Etre grippée, flanquée en plus d’une angine, a finalement des avantages : depuis trois jours, entre 38 et 39 °, je tente, comme je peux, de m’occuper des devoirs de mes quatre poussins, tout en appliquant le minimum pour que la maison soit décente au retour de toute la famille.

Hier, en tournant les pages du cahier de poésie de ma fille de dix ans, je tombe sur un texte de Raymond Devos, après notamment ceux de Molière, Jammes, Verlaine, et bien entendu, La Fontaine.

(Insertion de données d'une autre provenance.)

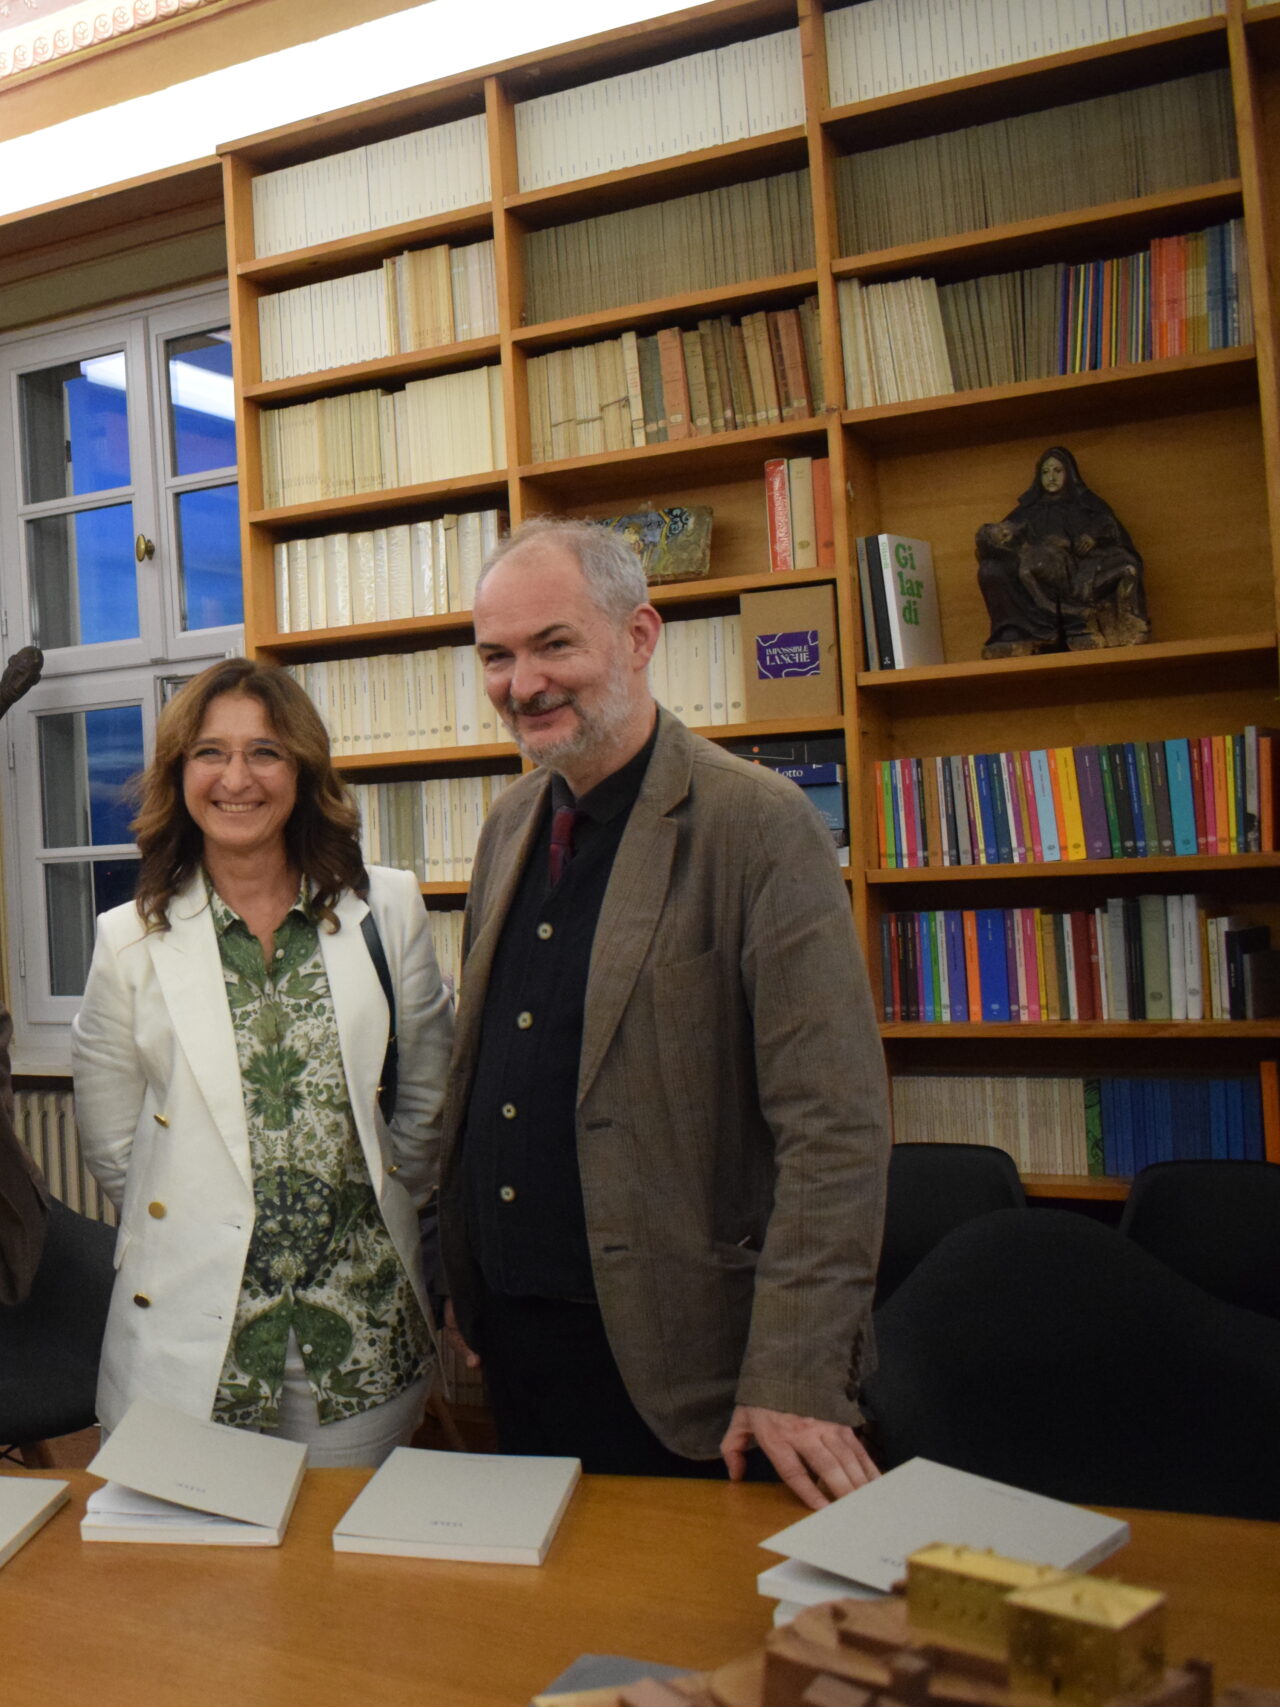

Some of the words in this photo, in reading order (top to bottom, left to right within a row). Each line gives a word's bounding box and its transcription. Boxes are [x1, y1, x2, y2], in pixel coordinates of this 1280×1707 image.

[894, 543, 917, 570] Gi
[896, 570, 924, 598] lar
[901, 599, 920, 625] di
[765, 645, 809, 656] IMPOSSIBLE
[766, 652, 811, 666] LANGHE

Il se fait que le texte qu’elle devait étudier et mimer, m’a donné l’envie de rechercher l’intégrale de Devos que je savais avoir quelque part parmi mes livres, de ceux qui sont probablement couverts de poussière.

Me voilà du fond de mon lit, à goûter des textes faciles à lire, à défaut de n’être en mesure d’en parcourir de plus consistants.  A vrai dire, c’est tout ce qu’il me fallait, vu mon état de légume avancé.

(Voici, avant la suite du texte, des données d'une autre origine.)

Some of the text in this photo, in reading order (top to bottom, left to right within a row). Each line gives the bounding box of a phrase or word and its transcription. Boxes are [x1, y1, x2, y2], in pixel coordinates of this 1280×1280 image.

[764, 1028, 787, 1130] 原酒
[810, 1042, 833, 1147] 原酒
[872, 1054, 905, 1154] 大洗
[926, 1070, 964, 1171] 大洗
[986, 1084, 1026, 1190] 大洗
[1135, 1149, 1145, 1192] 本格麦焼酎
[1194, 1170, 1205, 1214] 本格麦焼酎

J’ai pu redécouvrir la simplicité d’un homme, tourné résolument vers l’humour, fin, aux pitreries gestuelles et jongleries verbales émouvantes.

Au-delà de ces jeux de mots qui prêtent à sourire, c’est davantage l’ambiance, l’atmosphère, qui se dégagent de ces textes qui me touchent.  J’y perçois un homme – Belge ? Français ?  Belge, assurément – en quête de sens de la vie, en recherche de métaphysique, attiré par la philosophie, voire de la mathématique fondamentale (« trois fois rien, c’est déjà quelque chose »)

Plus loin encore, je ne peux m’empêcher de deviner un véritable cœur d’or tant son humour est dénué de méchanceté ou de cynisme grinçant.  Sur les quelques cinq cents pages parcourues, c'est une personne douce, incapable de rendre les coups au centuple, qui apparaît.  Il est, à mon avis, celui qu’on pourrait définir comme un « vrai » gentil.  Non pas le niais, mais bien une personne tendue vers l’altérité, alternant une vision acérée du monde avec une lucidité tendre, tant sur lui-même – il pratique l’autodérision avec une facilité déconcertante – que sur son environnement.

Un clown qui m’émeut, et dont je perçois la beauté d’âme par cet humour si juste, précis, même si parfois, à la longue, certains de ses sketches sont lassants.

Il y a chez lui, à le lire, à l’écouter aussi, une touche d’innocence, de pureté, et d’émerveillement dans le regard.

Il est préférable de  prendre le temps de les lire un peu de temps à autre, aller à la pêche, piocher au gré des humeurs un titre de sketch.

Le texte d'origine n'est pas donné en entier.